§ **YOUR INSTRUCTIONS**:
Could you reproduce all of these records exactly?

=== SUPPLIED DATA ===

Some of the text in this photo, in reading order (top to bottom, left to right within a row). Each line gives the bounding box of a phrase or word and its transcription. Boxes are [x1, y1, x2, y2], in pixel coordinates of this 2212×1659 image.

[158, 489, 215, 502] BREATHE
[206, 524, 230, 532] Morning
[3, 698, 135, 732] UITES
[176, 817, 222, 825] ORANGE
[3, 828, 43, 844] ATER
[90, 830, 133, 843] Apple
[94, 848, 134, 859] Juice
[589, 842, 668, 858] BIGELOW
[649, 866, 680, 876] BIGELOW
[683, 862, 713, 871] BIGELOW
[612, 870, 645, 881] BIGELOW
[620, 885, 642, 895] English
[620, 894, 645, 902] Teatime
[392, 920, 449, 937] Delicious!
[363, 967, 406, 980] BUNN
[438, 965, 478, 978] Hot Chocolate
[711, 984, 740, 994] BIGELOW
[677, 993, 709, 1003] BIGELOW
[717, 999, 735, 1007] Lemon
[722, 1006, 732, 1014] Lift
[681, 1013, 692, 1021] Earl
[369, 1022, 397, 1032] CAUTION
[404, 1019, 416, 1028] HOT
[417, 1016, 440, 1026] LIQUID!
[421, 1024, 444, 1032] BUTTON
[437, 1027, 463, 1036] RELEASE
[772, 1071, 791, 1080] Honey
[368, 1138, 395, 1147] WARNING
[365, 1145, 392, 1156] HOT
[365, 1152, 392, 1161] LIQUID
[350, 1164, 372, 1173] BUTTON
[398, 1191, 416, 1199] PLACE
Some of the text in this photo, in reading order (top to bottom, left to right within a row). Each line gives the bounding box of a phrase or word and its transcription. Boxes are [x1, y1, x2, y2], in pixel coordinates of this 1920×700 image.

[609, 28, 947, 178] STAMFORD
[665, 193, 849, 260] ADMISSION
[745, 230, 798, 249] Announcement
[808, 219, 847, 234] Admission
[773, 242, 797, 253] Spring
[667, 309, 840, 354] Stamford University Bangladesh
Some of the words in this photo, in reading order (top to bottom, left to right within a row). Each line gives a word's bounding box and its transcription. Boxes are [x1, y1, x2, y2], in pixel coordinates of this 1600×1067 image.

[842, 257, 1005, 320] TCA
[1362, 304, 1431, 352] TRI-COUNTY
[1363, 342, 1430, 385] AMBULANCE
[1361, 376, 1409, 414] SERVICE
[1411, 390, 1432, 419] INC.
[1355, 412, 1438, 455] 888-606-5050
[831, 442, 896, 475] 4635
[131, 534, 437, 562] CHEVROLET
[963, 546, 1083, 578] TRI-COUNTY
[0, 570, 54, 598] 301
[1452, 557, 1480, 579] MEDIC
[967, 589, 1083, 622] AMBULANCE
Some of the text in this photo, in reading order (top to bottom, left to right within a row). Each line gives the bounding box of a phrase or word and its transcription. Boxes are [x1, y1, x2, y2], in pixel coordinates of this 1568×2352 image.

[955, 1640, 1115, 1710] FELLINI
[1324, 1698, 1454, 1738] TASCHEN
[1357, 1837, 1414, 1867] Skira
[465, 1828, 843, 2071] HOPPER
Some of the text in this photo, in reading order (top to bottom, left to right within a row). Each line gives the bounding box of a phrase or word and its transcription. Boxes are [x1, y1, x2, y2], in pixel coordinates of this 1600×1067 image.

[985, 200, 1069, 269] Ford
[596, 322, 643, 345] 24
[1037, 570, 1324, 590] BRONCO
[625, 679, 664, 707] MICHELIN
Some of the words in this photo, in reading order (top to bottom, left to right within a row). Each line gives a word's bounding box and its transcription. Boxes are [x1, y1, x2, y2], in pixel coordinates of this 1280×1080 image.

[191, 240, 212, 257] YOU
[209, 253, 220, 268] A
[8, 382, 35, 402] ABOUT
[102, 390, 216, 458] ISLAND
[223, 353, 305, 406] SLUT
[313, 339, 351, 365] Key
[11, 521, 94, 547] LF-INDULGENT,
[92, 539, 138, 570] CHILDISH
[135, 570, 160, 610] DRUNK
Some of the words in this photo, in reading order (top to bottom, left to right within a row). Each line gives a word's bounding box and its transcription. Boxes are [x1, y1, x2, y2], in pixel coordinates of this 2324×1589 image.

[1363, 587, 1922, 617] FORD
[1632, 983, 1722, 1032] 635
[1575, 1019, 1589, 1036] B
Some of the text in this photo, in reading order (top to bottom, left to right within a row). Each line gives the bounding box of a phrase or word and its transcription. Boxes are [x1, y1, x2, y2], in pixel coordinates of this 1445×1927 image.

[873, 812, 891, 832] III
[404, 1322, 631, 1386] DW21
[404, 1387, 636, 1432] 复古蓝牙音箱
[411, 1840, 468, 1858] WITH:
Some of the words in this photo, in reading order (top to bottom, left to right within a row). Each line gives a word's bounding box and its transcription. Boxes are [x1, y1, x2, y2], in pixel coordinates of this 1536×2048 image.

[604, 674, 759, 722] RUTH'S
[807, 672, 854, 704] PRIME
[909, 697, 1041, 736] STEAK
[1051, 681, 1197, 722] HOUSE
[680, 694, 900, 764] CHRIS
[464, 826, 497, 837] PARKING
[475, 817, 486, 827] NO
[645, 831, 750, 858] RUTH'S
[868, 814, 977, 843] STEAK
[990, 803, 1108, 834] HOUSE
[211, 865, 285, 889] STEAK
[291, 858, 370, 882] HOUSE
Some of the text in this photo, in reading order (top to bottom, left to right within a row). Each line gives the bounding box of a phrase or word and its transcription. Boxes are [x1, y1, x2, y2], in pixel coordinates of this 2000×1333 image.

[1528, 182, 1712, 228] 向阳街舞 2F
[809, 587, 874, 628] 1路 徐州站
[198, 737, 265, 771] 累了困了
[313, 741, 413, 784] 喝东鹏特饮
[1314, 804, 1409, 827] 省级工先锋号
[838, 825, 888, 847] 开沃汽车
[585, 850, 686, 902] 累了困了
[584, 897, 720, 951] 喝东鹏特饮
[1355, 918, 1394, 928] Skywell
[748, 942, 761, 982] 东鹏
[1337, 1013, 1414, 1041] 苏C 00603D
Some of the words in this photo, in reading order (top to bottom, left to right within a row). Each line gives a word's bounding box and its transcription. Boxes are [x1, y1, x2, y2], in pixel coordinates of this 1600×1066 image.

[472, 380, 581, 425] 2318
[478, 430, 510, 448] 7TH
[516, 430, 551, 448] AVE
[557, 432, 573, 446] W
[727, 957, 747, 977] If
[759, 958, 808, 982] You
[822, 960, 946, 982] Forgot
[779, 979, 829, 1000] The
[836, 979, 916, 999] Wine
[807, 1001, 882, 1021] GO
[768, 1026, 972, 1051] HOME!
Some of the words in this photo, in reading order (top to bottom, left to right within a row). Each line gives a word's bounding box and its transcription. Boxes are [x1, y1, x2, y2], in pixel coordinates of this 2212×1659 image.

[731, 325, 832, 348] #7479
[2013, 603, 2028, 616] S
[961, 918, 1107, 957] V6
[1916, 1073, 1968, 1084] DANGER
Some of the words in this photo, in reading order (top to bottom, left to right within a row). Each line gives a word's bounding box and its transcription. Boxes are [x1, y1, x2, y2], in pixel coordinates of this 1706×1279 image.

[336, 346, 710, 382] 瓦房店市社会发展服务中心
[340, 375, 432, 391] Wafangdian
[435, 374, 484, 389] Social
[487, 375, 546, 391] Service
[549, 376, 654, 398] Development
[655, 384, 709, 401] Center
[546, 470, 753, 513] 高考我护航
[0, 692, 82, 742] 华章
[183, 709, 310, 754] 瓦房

===

§ **RESULT OF THIS EXERCISE**:
Some of the text in this photo, in reading order (top to bottom, left to right within a row). Each line gives the bounding box of a phrase or word and its transcription. Boxes are [x1, y1, x2, y2], in pixel coordinates of this 2212×1659 image.

[158, 489, 215, 502] BREATHE
[206, 524, 230, 532] Morning
[3, 698, 135, 732] UITES
[176, 817, 222, 825] ORANGE
[3, 828, 43, 844] ATER
[90, 830, 133, 843] Apple
[94, 848, 134, 859] Juice
[589, 842, 668, 858] BIGELOW
[649, 866, 680, 876] BIGELOW
[683, 862, 713, 871] BIGELOW
[612, 870, 645, 881] BIGELOW
[620, 885, 642, 895] English
[620, 894, 645, 902] Teatime
[392, 920, 449, 937] Delicious!
[363, 967, 406, 980] BUNN
[438, 965, 478, 978] Hot Chocolate
[711, 984, 740, 994] BIGELOW
[677, 993, 709, 1003] BIGELOW
[717, 999, 735, 1007] Lemon
[722, 1006, 732, 1014] Lift
[681, 1013, 692, 1021] Earl
[369, 1022, 397, 1032] CAUTION
[404, 1019, 416, 1028] HOT
[417, 1016, 440, 1026] LIQUID!
[421, 1024, 444, 1032] BUTTON
[437, 1027, 463, 1036] RELEASE
[772, 1071, 791, 1080] Honey
[368, 1138, 395, 1147] WARNING
[365, 1145, 392, 1156] HOT
[365, 1152, 392, 1161] LIQUID
[350, 1164, 372, 1173] BUTTON
[398, 1191, 416, 1199] PLACE
Some of the text in this photo, in reading order (top to bottom, left to right within a row). Each line gives the bounding box of a phrase or word and its transcription. Boxes are [x1, y1, x2, y2], in pixel coordinates of this 1920×700 image.

[609, 28, 947, 178] STAMFORD
[665, 193, 849, 260] ADMISSION
[745, 230, 798, 249] Announcement
[808, 219, 847, 234] Admission
[773, 242, 797, 253] Spring
[667, 309, 840, 354] Stamford University Bangladesh
Some of the words in this photo, in reading order (top to bottom, left to right within a row). Each line gives a word's bounding box and its transcription. Boxes are [x1, y1, x2, y2], in pixel coordinates of this 1600×1067 image.

[842, 257, 1005, 320] TCA
[1362, 304, 1431, 352] TRI-COUNTY
[1363, 342, 1430, 385] AMBULANCE
[1361, 376, 1409, 414] SERVICE
[1411, 390, 1432, 419] INC.
[1355, 412, 1438, 455] 888-606-5050
[831, 442, 896, 475] 4635
[131, 534, 437, 562] CHEVROLET
[963, 546, 1083, 578] TRI-COUNTY
[0, 570, 54, 598] 301
[1452, 557, 1480, 579] MEDIC
[967, 589, 1083, 622] AMBULANCE
Some of the text in this photo, in reading order (top to bottom, left to right within a row). Each line gives the bounding box of a phrase or word and its transcription. Boxes are [x1, y1, x2, y2], in pixel coordinates of this 1568×2352 image.

[955, 1640, 1115, 1710] FELLINI
[1324, 1698, 1454, 1738] TASCHEN
[1357, 1837, 1414, 1867] Skira
[465, 1828, 843, 2071] HOPPER
Some of the text in this photo, in reading order (top to bottom, left to right within a row). Each line gives the bounding box of a phrase or word and its transcription. Boxes are [x1, y1, x2, y2], in pixel coordinates of this 1600×1067 image.

[985, 200, 1069, 269] Ford
[596, 322, 643, 345] 24
[1037, 570, 1324, 590] BRONCO
[625, 679, 664, 707] MICHELIN
Some of the words in this photo, in reading order (top to bottom, left to right within a row). Each line gives a word's bounding box and its transcription. Boxes are [x1, y1, x2, y2], in pixel coordinates of this 1280×1080 image.

[191, 240, 212, 257] YOU
[209, 253, 220, 268] A
[8, 382, 35, 402] ABOUT
[102, 390, 216, 458] ISLAND
[223, 353, 305, 406] SLUT
[313, 339, 351, 365] Key
[11, 521, 94, 547] LF-INDULGENT,
[92, 539, 138, 570] CHILDISH
[135, 570, 160, 610] DRUNK
Some of the words in this photo, in reading order (top to bottom, left to right within a row). Each line gives a word's bounding box and its transcription. Boxes are [x1, y1, x2, y2], in pixel coordinates of this 2324×1589 image.

[1363, 587, 1922, 617] FORD
[1632, 983, 1722, 1032] 635
[1575, 1019, 1589, 1036] B
Some of the text in this photo, in reading order (top to bottom, left to right within a row). Each line gives the bounding box of a phrase or word and its transcription. Boxes are [x1, y1, x2, y2], in pixel coordinates of this 1445×1927 image.

[873, 812, 891, 832] III
[404, 1322, 631, 1386] DW21
[404, 1387, 636, 1432] 复古蓝牙音箱
[411, 1840, 468, 1858] WITH:
Some of the words in this photo, in reading order (top to bottom, left to right within a row). Each line gives a word's bounding box and its transcription. Boxes are [x1, y1, x2, y2], in pixel coordinates of this 1536×2048 image.

[604, 674, 759, 722] RUTH'S
[807, 672, 854, 704] PRIME
[909, 697, 1041, 736] STEAK
[1051, 681, 1197, 722] HOUSE
[680, 694, 900, 764] CHRIS
[464, 826, 497, 837] PARKING
[475, 817, 486, 827] NO
[645, 831, 750, 858] RUTH'S
[868, 814, 977, 843] STEAK
[990, 803, 1108, 834] HOUSE
[211, 865, 285, 889] STEAK
[291, 858, 370, 882] HOUSE
Some of the text in this photo, in reading order (top to bottom, left to right within a row). Each line gives the bounding box of a phrase or word and its transcription. Boxes are [x1, y1, x2, y2], in pixel coordinates of this 2000×1333 image.

[1528, 182, 1712, 228] 向阳街舞 2F
[809, 587, 874, 628] 1路 徐州站
[198, 737, 265, 771] 累了困了
[313, 741, 413, 784] 喝东鹏特饮
[1314, 804, 1409, 827] 省级工先锋号
[838, 825, 888, 847] 开沃汽车
[585, 850, 686, 902] 累了困了
[584, 897, 720, 951] 喝东鹏特饮
[1355, 918, 1394, 928] Skywell
[748, 942, 761, 982] 东鹏
[1337, 1013, 1414, 1041] 苏C 00603D
Some of the words in this photo, in reading order (top to bottom, left to right within a row). Each line gives a word's bounding box and its transcription. Boxes are [x1, y1, x2, y2], in pixel coordinates of this 1600×1066 image.

[472, 380, 581, 425] 2318
[478, 430, 510, 448] 7TH
[516, 430, 551, 448] AVE
[557, 432, 573, 446] W
[727, 957, 747, 977] If
[759, 958, 808, 982] You
[822, 960, 946, 982] Forgot
[779, 979, 829, 1000] The
[836, 979, 916, 999] Wine
[807, 1001, 882, 1021] GO
[768, 1026, 972, 1051] HOME!
Some of the words in this photo, in reading order (top to bottom, left to right within a row). Each line gives a word's bounding box and its transcription. Boxes are [x1, y1, x2, y2], in pixel coordinates of this 2212×1659 image.

[731, 325, 832, 348] #7479
[2013, 603, 2028, 616] S
[961, 918, 1107, 957] V6
[1916, 1073, 1968, 1084] DANGER
Some of the words in this photo, in reading order (top to bottom, left to right within a row). Each line gives a word's bounding box and its transcription. Boxes are [x1, y1, x2, y2], in pixel coordinates of this 1706×1279 image.

[336, 346, 710, 382] 瓦房店市社会发展服务中心
[340, 375, 432, 391] Wafangdian
[435, 374, 484, 389] Social
[487, 375, 546, 391] Service
[549, 376, 654, 398] Development
[655, 384, 709, 401] Center
[546, 470, 753, 513] 高考我护航
[0, 692, 82, 742] 华章
[183, 709, 310, 754] 瓦房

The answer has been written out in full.